Canadian Football League season

The 1982 CFL season is considered to be the 29th season in modern-day Canadian football, although it is officially the 25th Canadian Football League season.

==CFL news in 1982==
After the 1981 season, the Montreal Alouettes folded.
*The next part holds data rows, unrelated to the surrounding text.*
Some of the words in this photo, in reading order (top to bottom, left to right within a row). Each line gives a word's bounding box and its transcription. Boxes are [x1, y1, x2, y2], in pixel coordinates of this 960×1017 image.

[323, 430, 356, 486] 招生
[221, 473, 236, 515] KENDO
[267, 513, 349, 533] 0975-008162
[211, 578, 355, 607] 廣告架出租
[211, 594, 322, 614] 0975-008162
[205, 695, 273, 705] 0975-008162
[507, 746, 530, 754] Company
However, one day later in 1982 the CFL granted the city of Montreal a new franchise called the Concordes, which assumed the Alouettes' history and player contracts.

The 1982 Grey Cup game between the Edmonton Eskimos and the Toronto Argonauts attracted 7,862,000 television viewers, the largest television audience in the history of Canadian television.

NBC broadcast four CFL games in the United States over three weeks during the 1982 NFL players' strike.

Alcoholic beverages were sold at all CFL venues for the first time, after the Legislative Assembly of Ontario voted to lift the province's long-standing prohibition on alcohol at outdoor stadia shortly before the season began.

The Edmonton Eskimos won their fifth straight Grey Cup championship.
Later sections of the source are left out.